**What the exercise asks**. Would you reproduce every record exactly, leaving out the pictures?

[[ Information supplied, beginning ]]

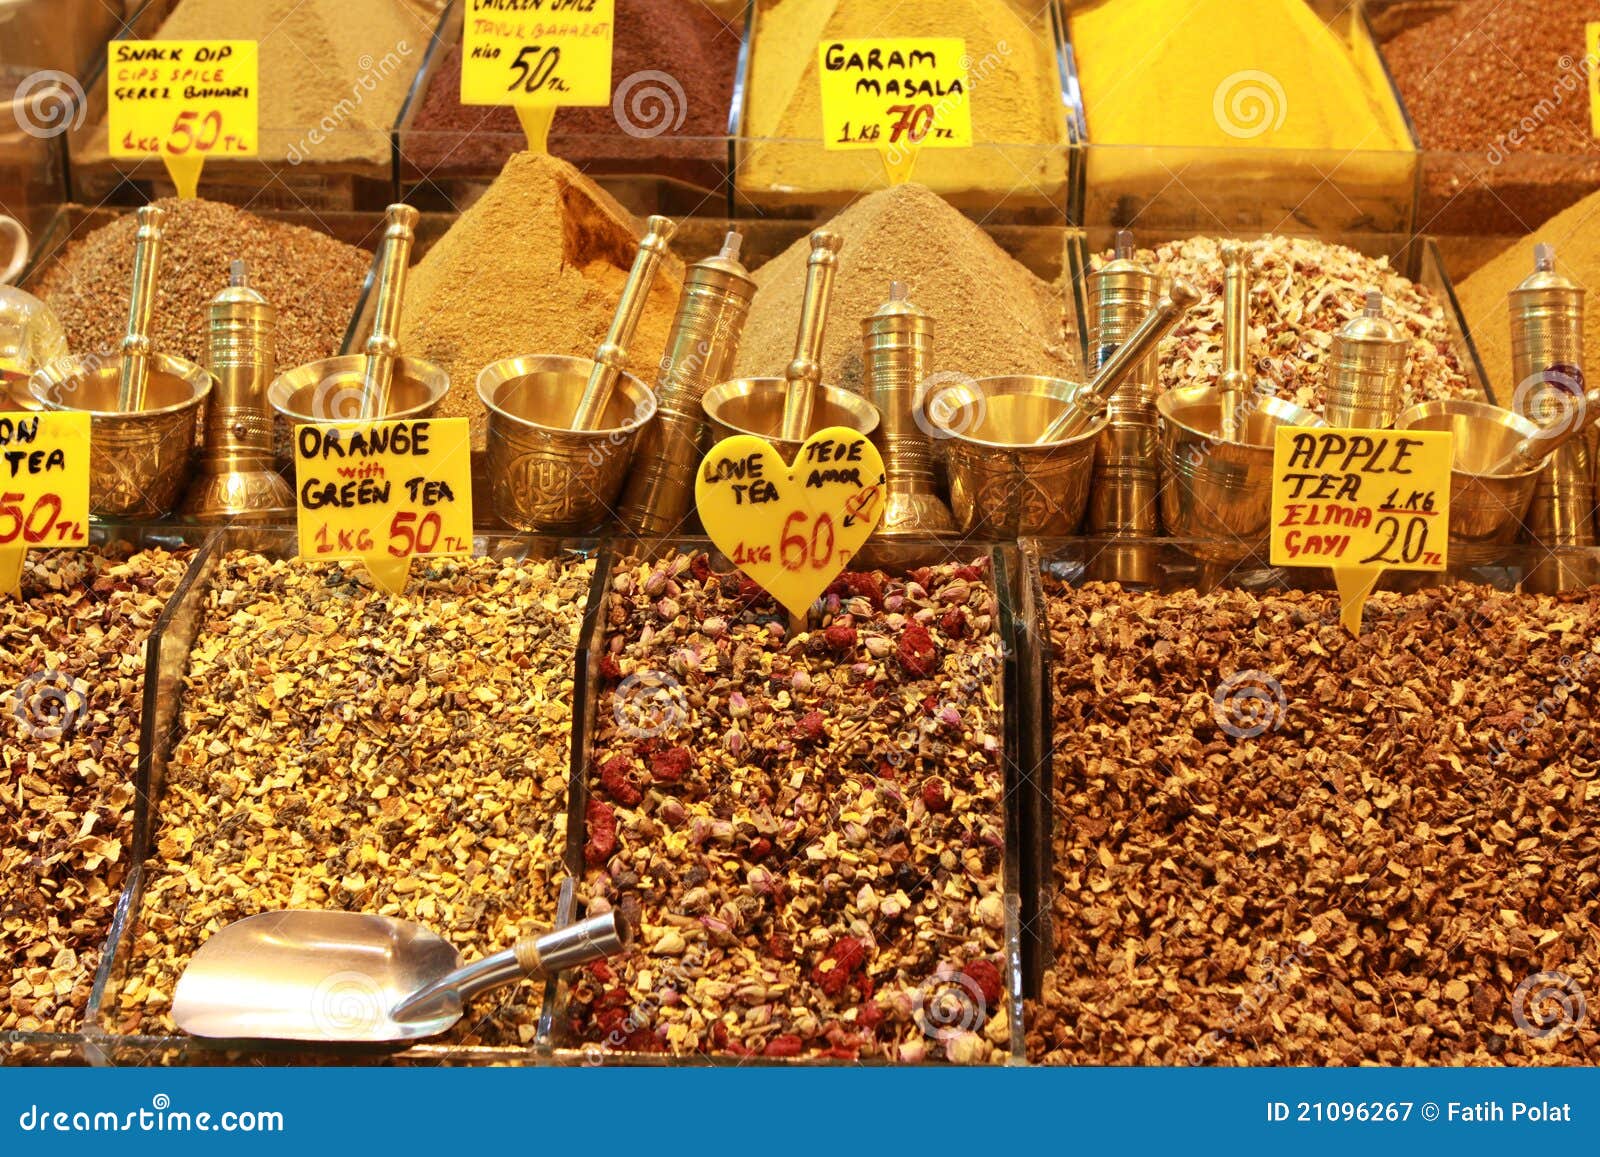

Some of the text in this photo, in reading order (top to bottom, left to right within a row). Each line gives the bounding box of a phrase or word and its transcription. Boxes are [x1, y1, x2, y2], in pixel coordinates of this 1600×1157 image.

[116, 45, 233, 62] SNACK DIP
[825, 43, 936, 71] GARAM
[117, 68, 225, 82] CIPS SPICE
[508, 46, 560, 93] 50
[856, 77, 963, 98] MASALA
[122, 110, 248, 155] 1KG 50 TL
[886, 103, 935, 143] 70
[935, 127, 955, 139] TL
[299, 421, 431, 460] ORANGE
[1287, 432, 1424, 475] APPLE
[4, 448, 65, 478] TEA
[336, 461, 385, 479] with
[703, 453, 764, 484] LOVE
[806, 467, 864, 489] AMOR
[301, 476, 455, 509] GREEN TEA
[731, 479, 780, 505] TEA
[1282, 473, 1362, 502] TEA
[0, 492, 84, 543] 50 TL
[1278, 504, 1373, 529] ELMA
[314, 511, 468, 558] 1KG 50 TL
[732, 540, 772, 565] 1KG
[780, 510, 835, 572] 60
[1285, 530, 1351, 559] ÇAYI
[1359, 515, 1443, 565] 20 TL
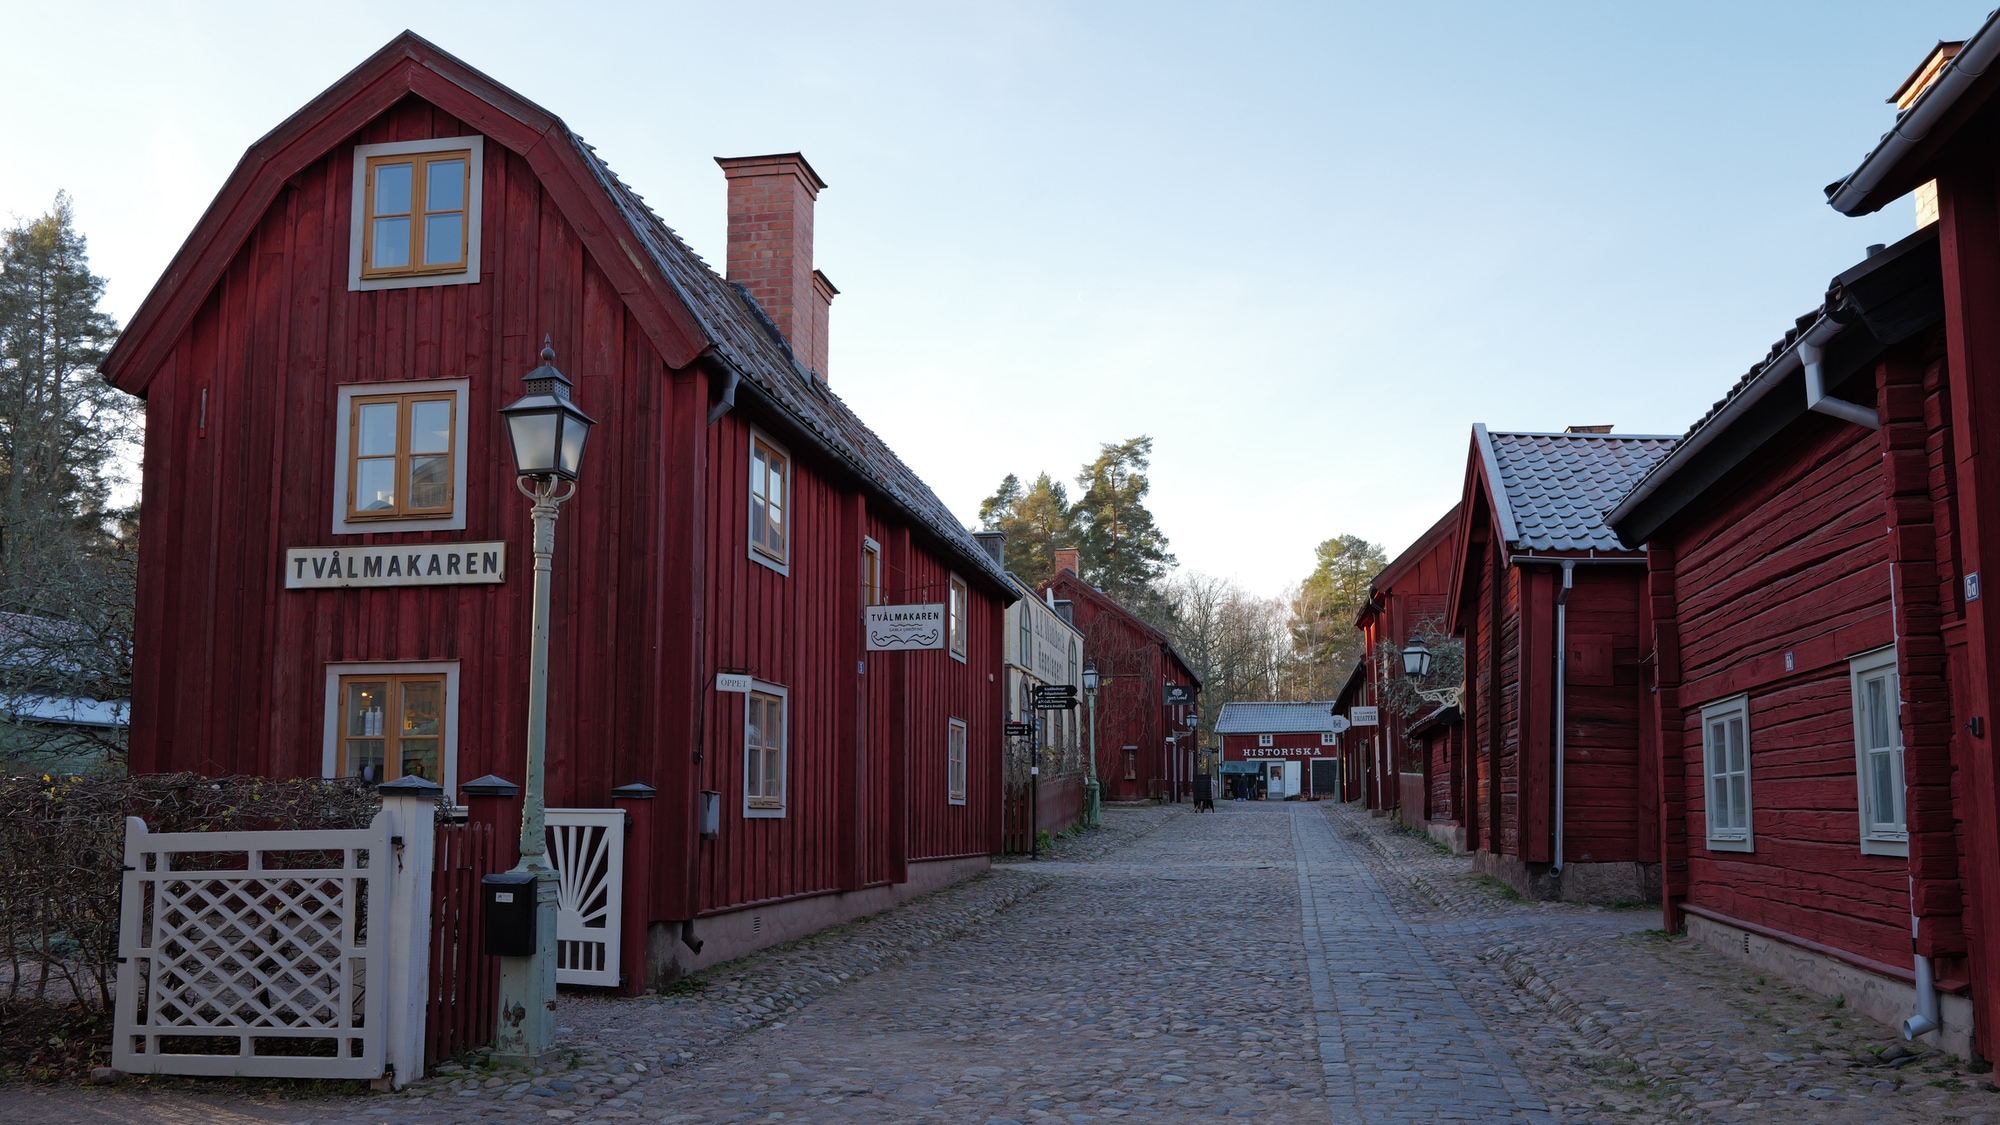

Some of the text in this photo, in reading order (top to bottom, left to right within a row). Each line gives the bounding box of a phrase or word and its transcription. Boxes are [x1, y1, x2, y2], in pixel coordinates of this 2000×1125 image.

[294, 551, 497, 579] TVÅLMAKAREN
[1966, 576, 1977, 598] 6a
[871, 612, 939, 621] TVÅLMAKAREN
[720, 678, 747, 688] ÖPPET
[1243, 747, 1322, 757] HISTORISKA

[[ Information supplied, end ]]

**Solved exercise**.
Some of the text in this photo, in reading order (top to bottom, left to right within a row). Each line gives the bounding box of a phrase or word and its transcription. Boxes are [x1, y1, x2, y2], in pixel coordinates of this 1600×1157 image.

[116, 45, 233, 62] SNACK DIP
[825, 43, 936, 71] GARAM
[117, 68, 225, 82] CIPS SPICE
[508, 46, 560, 93] 50
[856, 77, 963, 98] MASALA
[122, 110, 248, 155] 1KG 50 TL
[886, 103, 935, 143] 70
[935, 127, 955, 139] TL
[299, 421, 431, 460] ORANGE
[1287, 432, 1424, 475] APPLE
[4, 448, 65, 478] TEA
[336, 461, 385, 479] with
[703, 453, 764, 484] LOVE
[806, 467, 864, 489] AMOR
[301, 476, 455, 509] GREEN TEA
[731, 479, 780, 505] TEA
[1282, 473, 1362, 502] TEA
[0, 492, 84, 543] 50 TL
[1278, 504, 1373, 529] ELMA
[314, 511, 468, 558] 1KG 50 TL
[732, 540, 772, 565] 1KG
[780, 510, 835, 572] 60
[1285, 530, 1351, 559] ÇAYI
[1359, 515, 1443, 565] 20 TL

Some of the text in this photo, in reading order (top to bottom, left to right within a row). Each line gives the bounding box of a phrase or word and its transcription. Boxes are [x1, y1, x2, y2], in pixel coordinates of this 2000×1125 image.

[294, 551, 497, 579] TVÅLMAKAREN
[1966, 576, 1977, 598] 6a
[871, 612, 939, 621] TVÅLMAKAREN
[720, 678, 747, 688] ÖPPET
[1243, 747, 1322, 757] HISTORISKA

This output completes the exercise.